Points de jonction

Points de jonction (23)

Je devais avoir une très sale tète lorsque j’ai rejoint mon employeur le lendemain matin. Mon insomnie m’avait tiré les traits et laissé le teint pale. Je me souviens que je n’étais ni rasé ni coiffé, et il me semble que la chemise que je portais devait être vaguement froissée.

La vue de Maximilien Huet de Francart, cet homme à la tenue si impeccable dans le bar où j’avais mes habitudes ne lassait pas de m’amuser. Ce jour là cependant, le décalage entre lui et moi était plus grand encore. Lorsque je pense à cette époque, je me dis que nous devions former un couple étrange. La vue de ce vieil homme assis à coté de moi, en train de me regarder écrire devant mon écran durant des journées entières devait être un spectacle peu commun. L’ancien avocat restait tout ce temps silencieux. L’Une de mes plus grandes craintes lorsque j’avais accepté son offre, avait été que celui-ci se mêle de mon écriture et tente de commenter, voire de corriger mon travail. A mon grand soulagement, il n’en fit jamais rien. Mon employeur me payait pour assister en spectateur à la création de mon histoire, mais jamais jusqu’à ce jour, il n’était sorti de ce cadre.

Lorsque j’arrivai, il me posa une question qui montrait à quel point il avait appris au cours des quelques semaines que nous venions de passer ensemble. Mieux, il avait, sans que j’aie eu besoin de lui donner toutes les clés de mon histoire perçu les subtilités de sa construction, au point d’en anticiper les développements futurs.

-On approche de la fin… je suis curieux de voir comment vous allez vous en sortir.

-A vrai dire moi aussi.

-Vous vous être mis dans une drôle de situation. Votre histoire ne pouvait s’expliquer que de la manière que vus avez choisit, par un rêve du petit garçon.

-Et maintenant que je suis arrivé à ce stade, la fin que j’avais imaginé ne me satisfait plus.

-Je l’avais senti…

– A vrai dire, je ne suis plus sûr de rien.

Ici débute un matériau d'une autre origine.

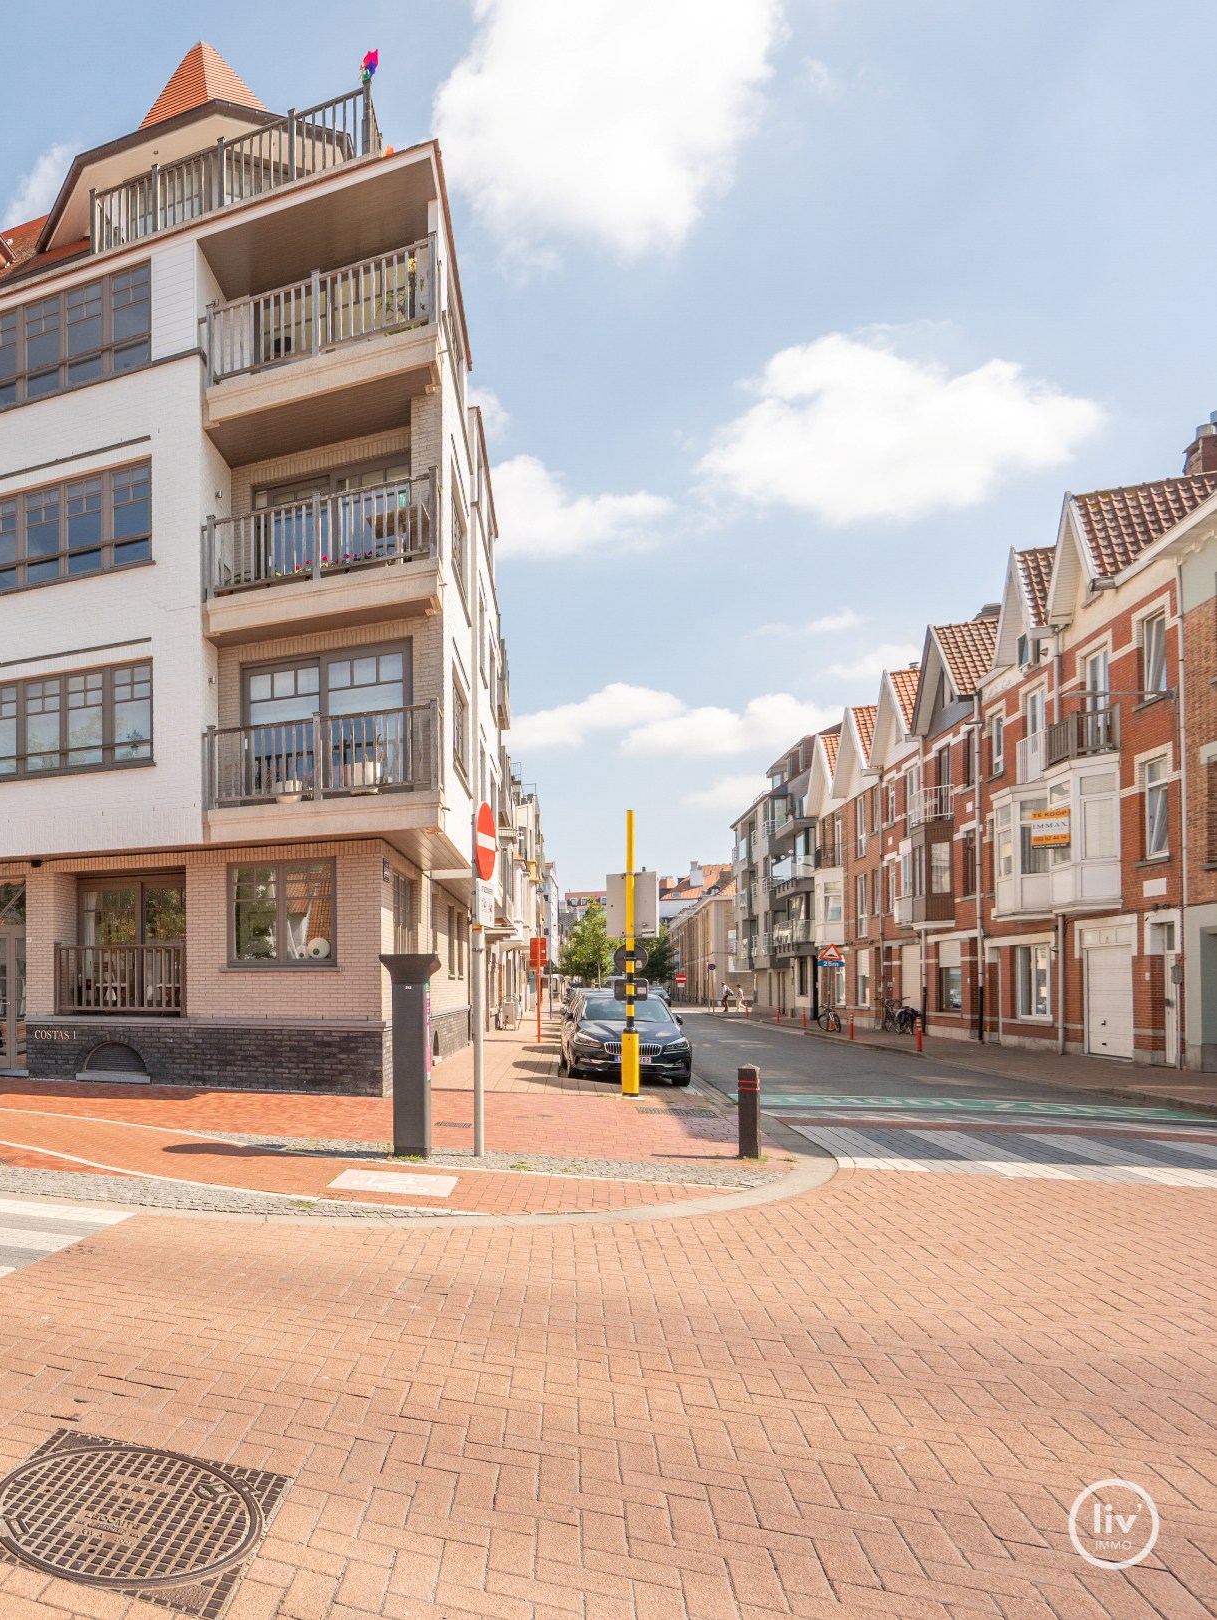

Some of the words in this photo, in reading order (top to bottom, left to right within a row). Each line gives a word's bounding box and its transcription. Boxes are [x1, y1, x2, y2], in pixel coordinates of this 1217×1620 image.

[1033, 821, 1068, 829] IMMAX
[34, 1030, 70, 1040] COSTAS
[73, 1030, 77, 1040] 1
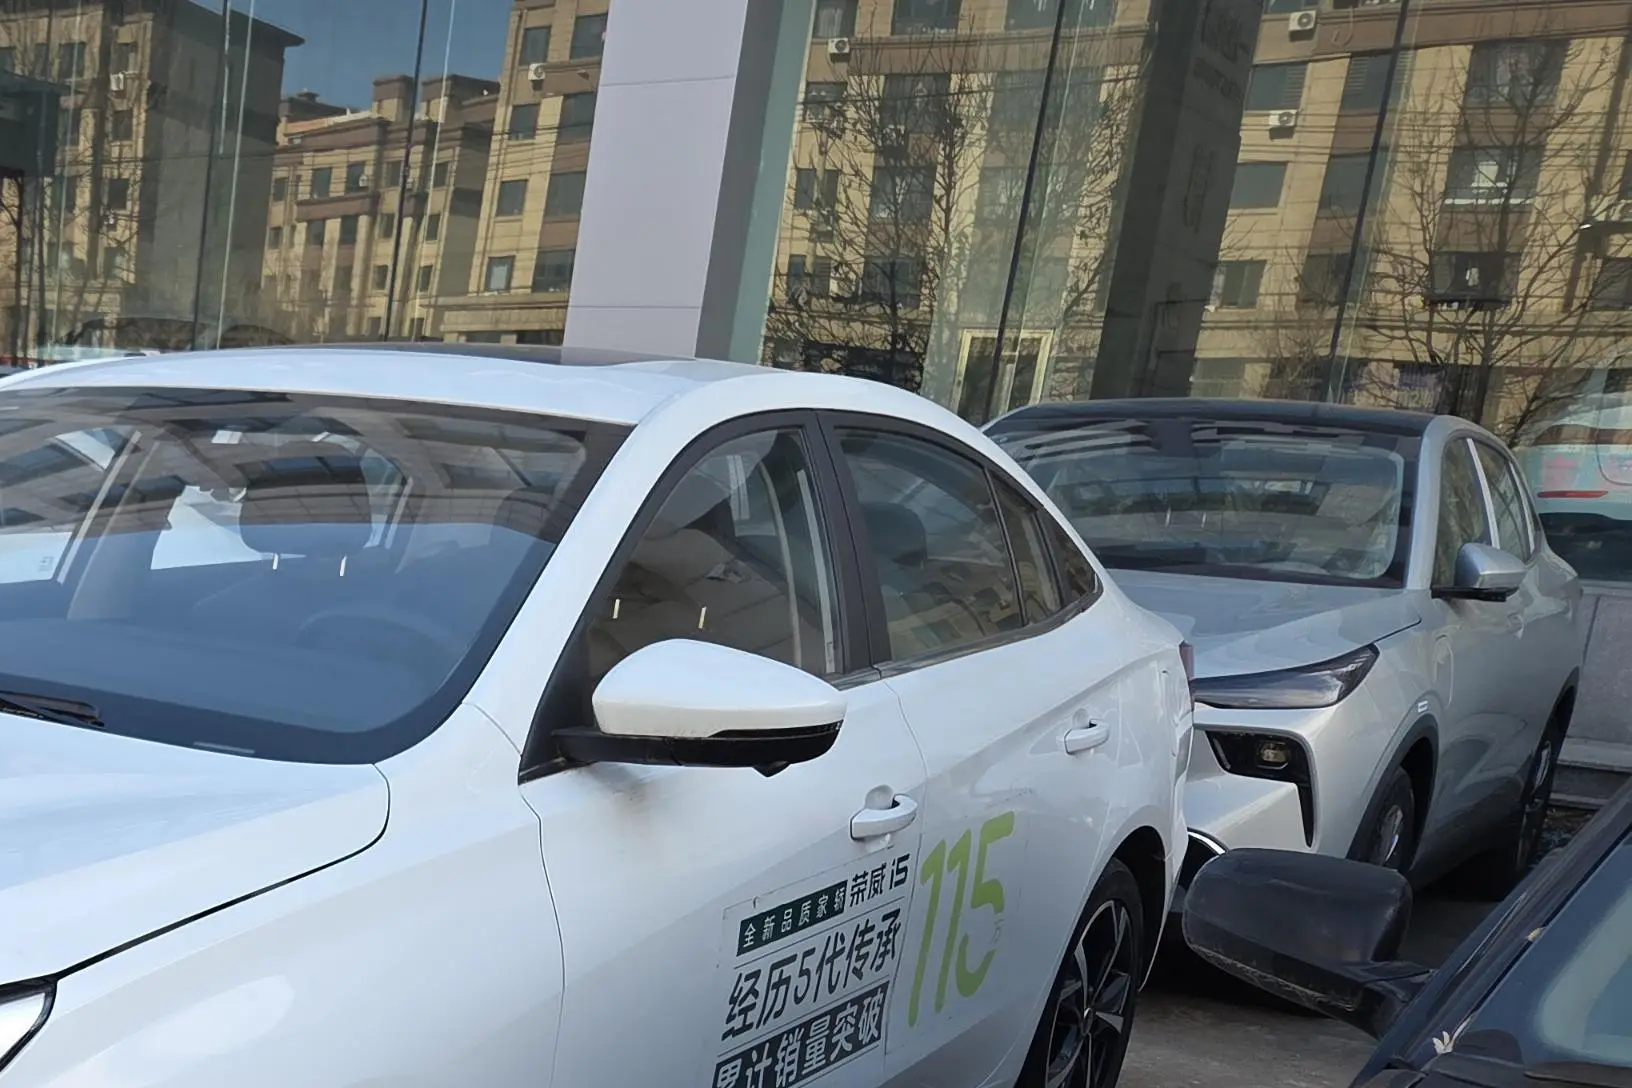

L’origine, Nicolas devait rentrer chez lui… Mais ça ne me convient plus. J’ai pensé à le laisser dans le monde qu’il s’est crée, mais ça soulève trop de questions… Le monde que Nicolas s’est crée est une sorte de fuite. Et je ne veux pas que l’histoire de ce petit garçon se termine ainsi. Ça ne serait pas bien.

– Je vois. Un conte doit avoir un sens…

– Et je ne suis plus certain du sens que je veux lui donner. L’histoire de Nicolas semblait parfaite avant que je ne l’écrive, mais ça y est, elle a prit suffisamment de vie pour commencer à échapper à mon contrôle.

-Or ce contrôle, vous devez le reprendre si vous voulez achever ce que vous avez commencé.

-Je crois que notre travail va être un peu compliqué aujourd’hui.

-Rassurez vous. Je n’ai jamais pensé que ce serait facile. L’inspiration n’est pas une chose acquise… C’est connu.

-Vous savez… Je ne suis pas sûr de croire en l’inspiration. Je pense qu’écrire une histoire c’est avant tout beaucoup de travail à la fois avant et pendant l’écriture. Si une histoire n’a pas été assez bien conçue, vous n’arriverez pas à l’écrire voila tout. Je fais toujours mûrir autant que possible mes histoires avant de passer à l’écriture. Celle-ci, je l’avais dans un coin de ma tête depuis plusieurs mois déjà… Je pensais que ça suffirait.

– Je crois bien que votre grande théorie sur la non existence de l’inspiration vient d’en prendre un sacré coup…

-Ne vous moquez pas… C’est pas drôle…

-Peut-être. Mais ça n’est pas grave non plus. Si vous n’arrivez pas à finir cette histoire, c’est peut être que ça n’est pas encore le moment voila tout.

-Il reste cependant un problème, j’ai besoin de continuer à travailler pour vous. Je ne peux pas me permettre d’arrêter.

– Je n’ai jamais pensé à arrêter. Rappelez-vous, je vous ai engagé pour assister à la création d’un roman. Que ce soit celui-là ou autre, en ce qui me concerne, ça n’a pas d’importance.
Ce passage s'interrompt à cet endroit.